(Stored data entries)
- - - - - - -
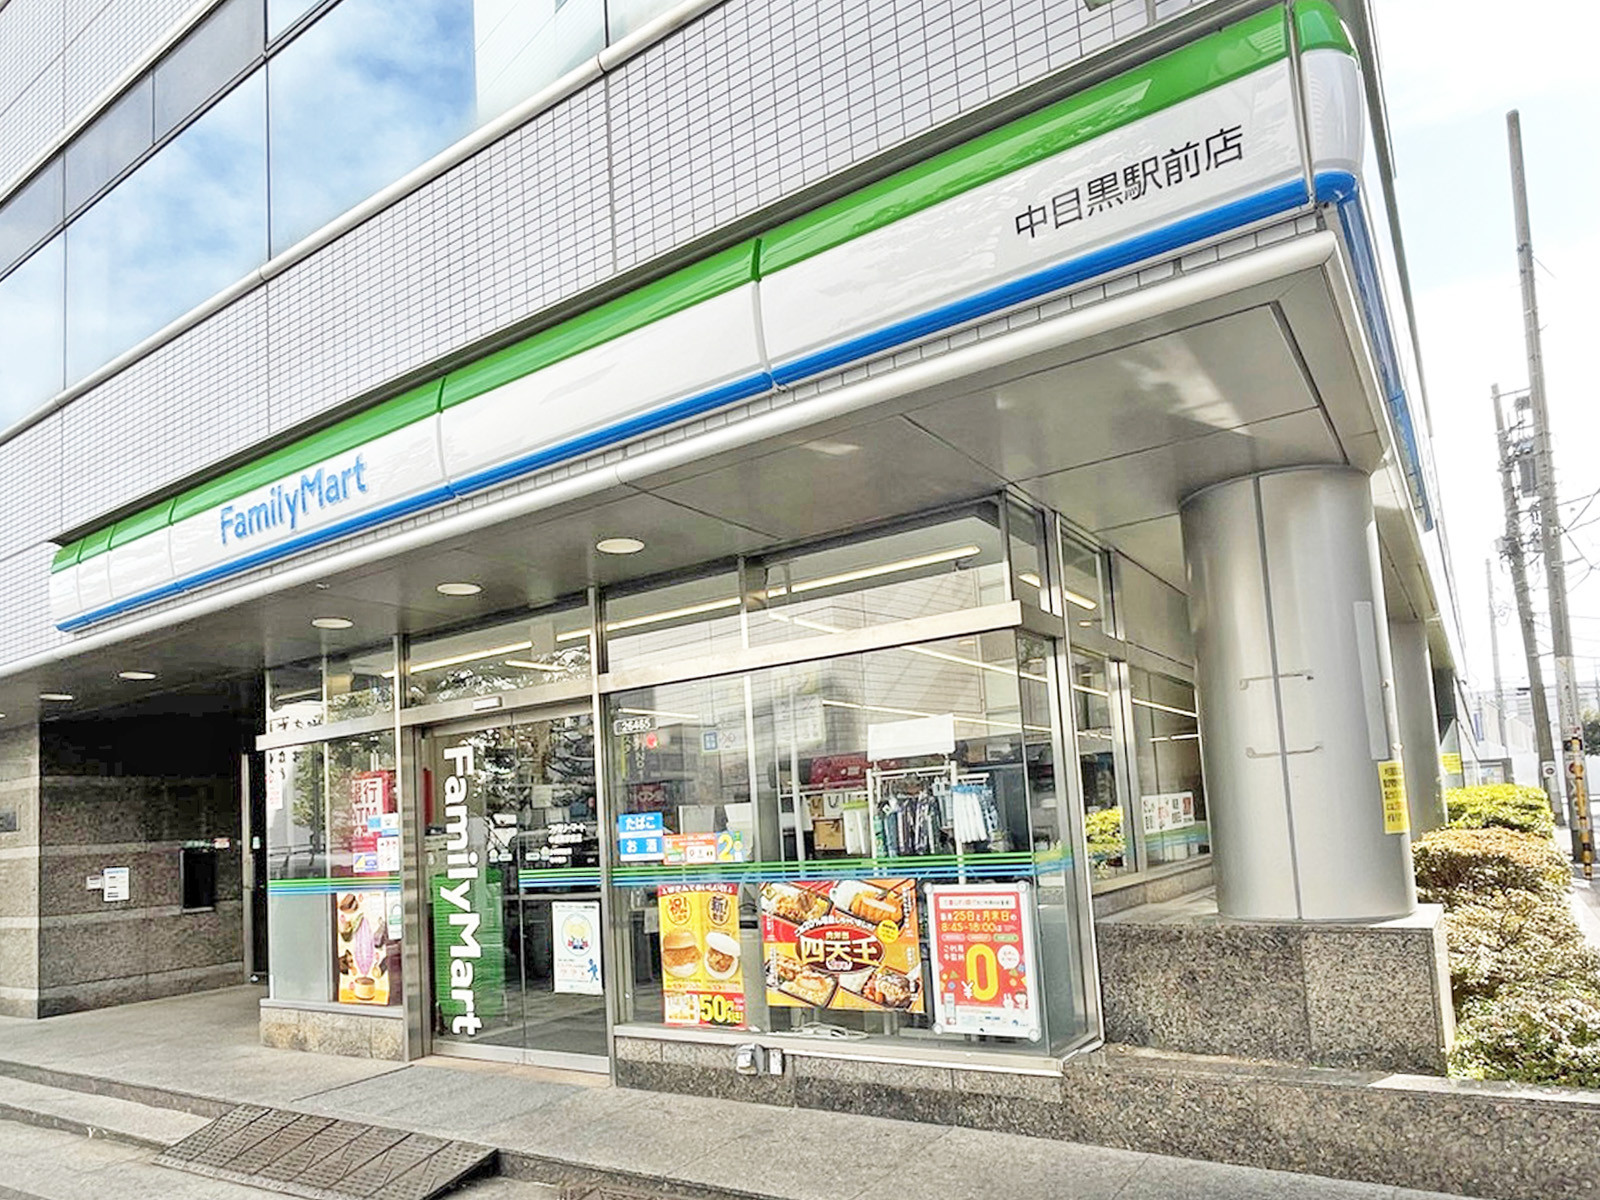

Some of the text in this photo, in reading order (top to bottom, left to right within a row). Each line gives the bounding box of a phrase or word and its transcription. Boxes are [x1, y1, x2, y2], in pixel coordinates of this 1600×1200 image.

[1015, 125, 1243, 238] 中目黒駅前店
[220, 454, 367, 545] FamilyMart
[625, 815, 657, 831] たばこ
[440, 746, 483, 1037] FamilyMart
[801, 935, 881, 966] 四天王
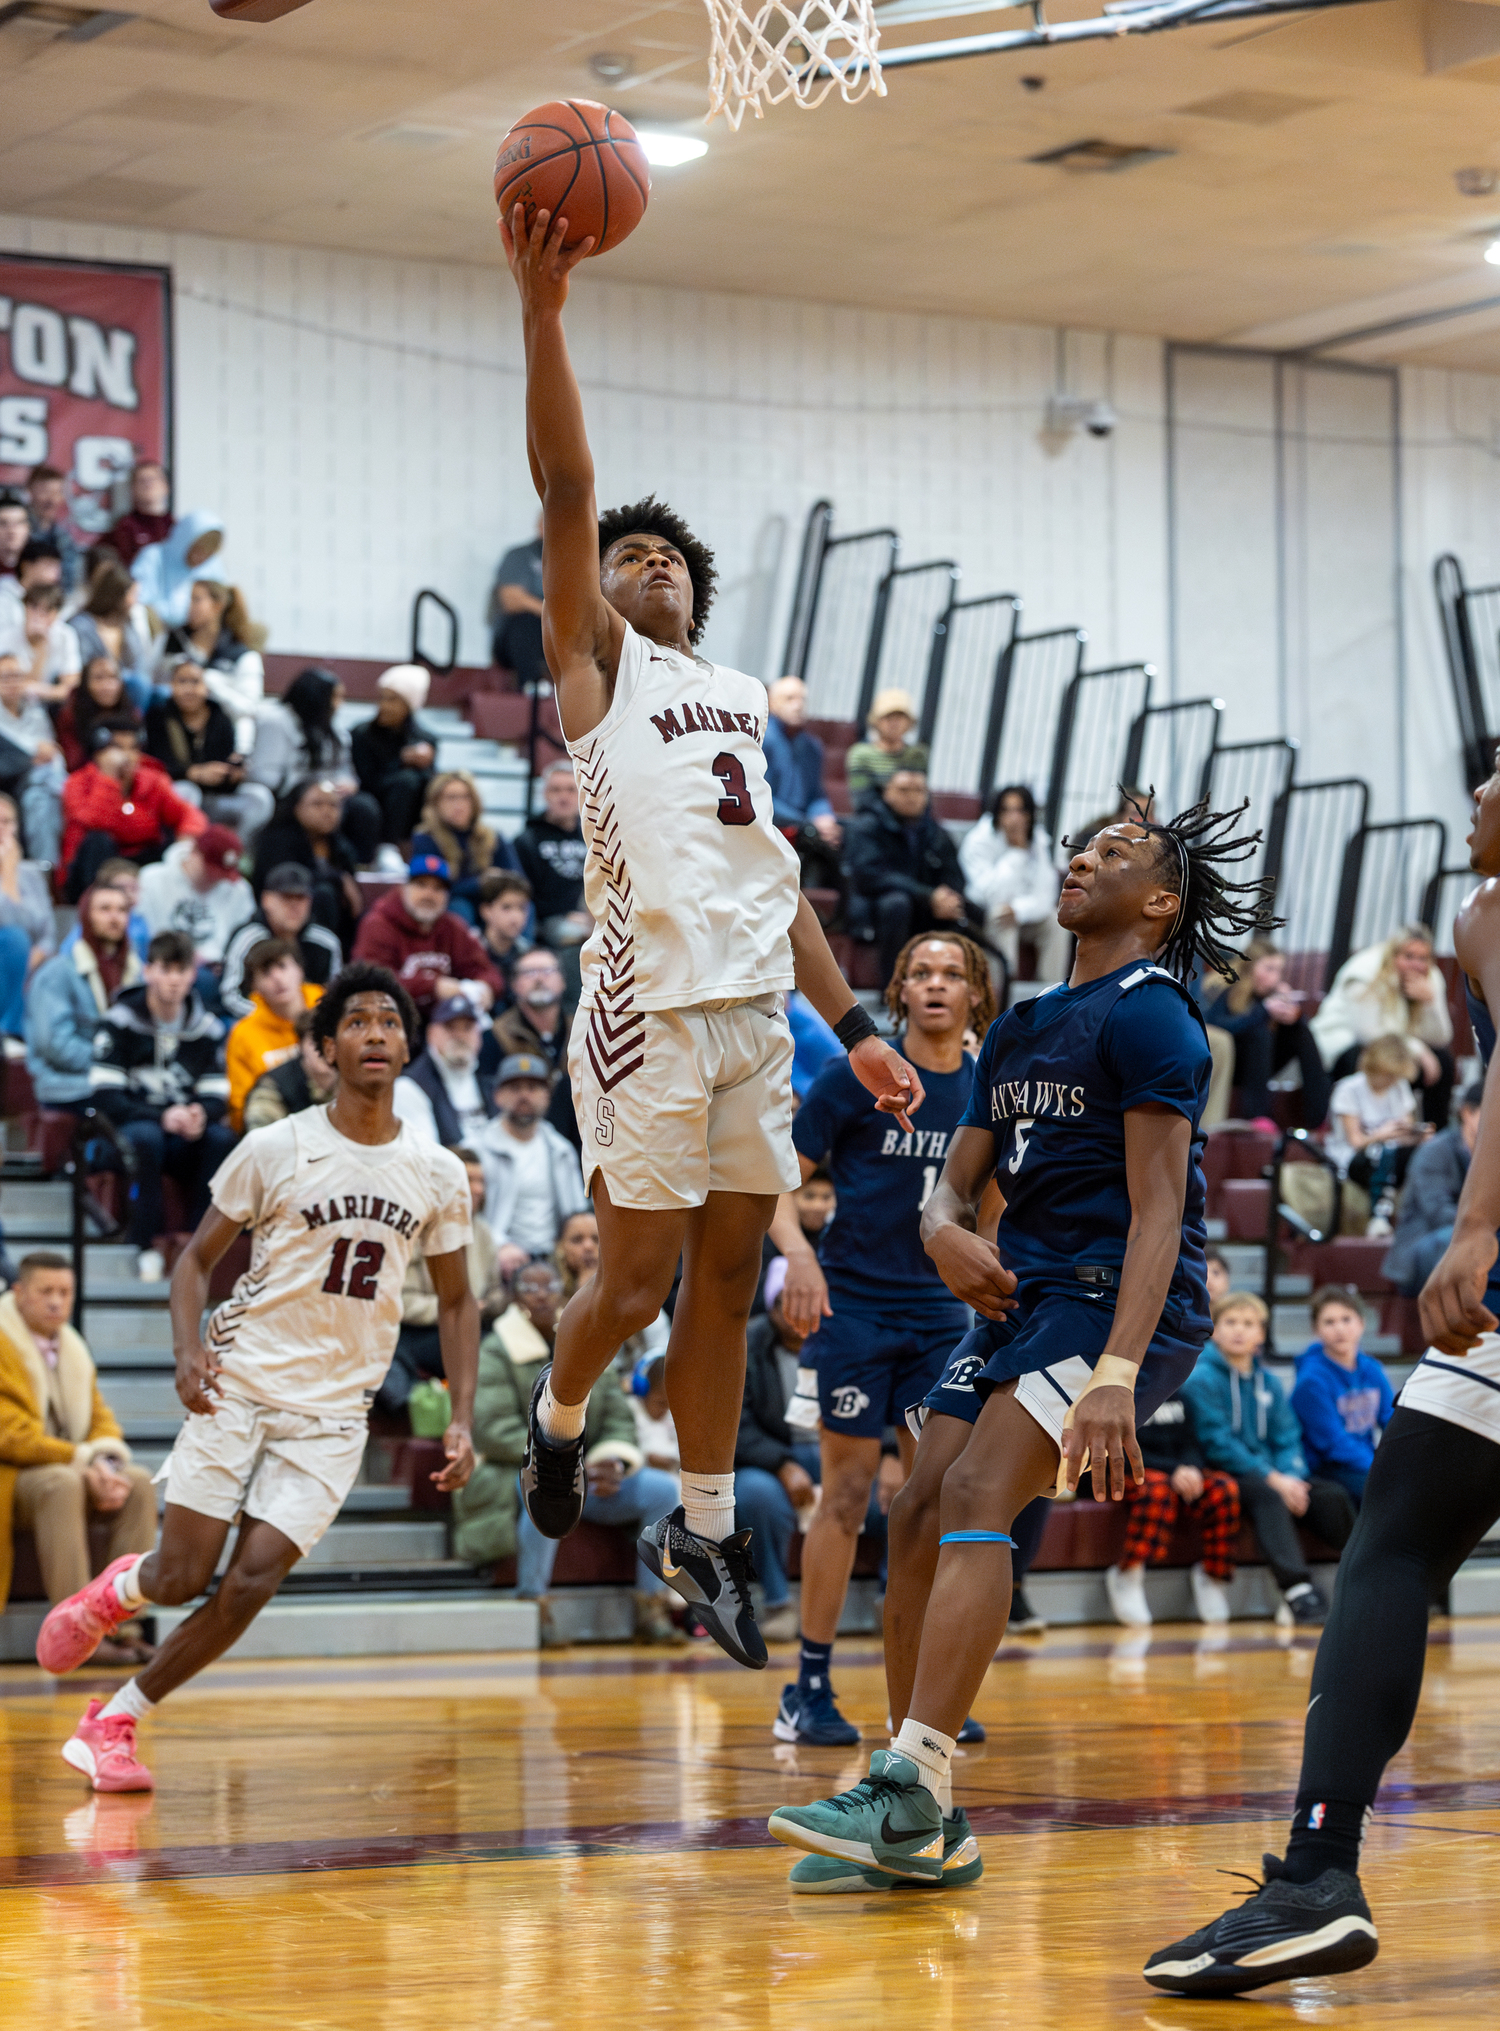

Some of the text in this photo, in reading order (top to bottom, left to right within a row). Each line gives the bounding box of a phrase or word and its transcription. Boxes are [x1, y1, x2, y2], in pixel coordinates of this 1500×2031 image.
- - - - - - -
Each line of the data above should be reproduced without alteration, and no picture should appear in the copy.

Some of the text in this photo, in reading order (top to bottom, left to right within a row). Each line gives the bounding box of a phrase or word and its transcription. Boxes are [x1, y1, x2, y2], in pixel coordinates of this 1600×1200 image.

[1015, 125, 1243, 238] 中目黒駅前店
[220, 454, 367, 545] FamilyMart
[625, 815, 657, 831] たばこ
[440, 746, 483, 1037] FamilyMart
[801, 935, 881, 966] 四天王

Some of the text in this photo, in reading order (top to bottom, left to right within a row). Each line gives the bounding box of a phrase or word and its transcription. Boxes are [x1, y1, x2, y2], in pixel coordinates of this 1500×2031 image.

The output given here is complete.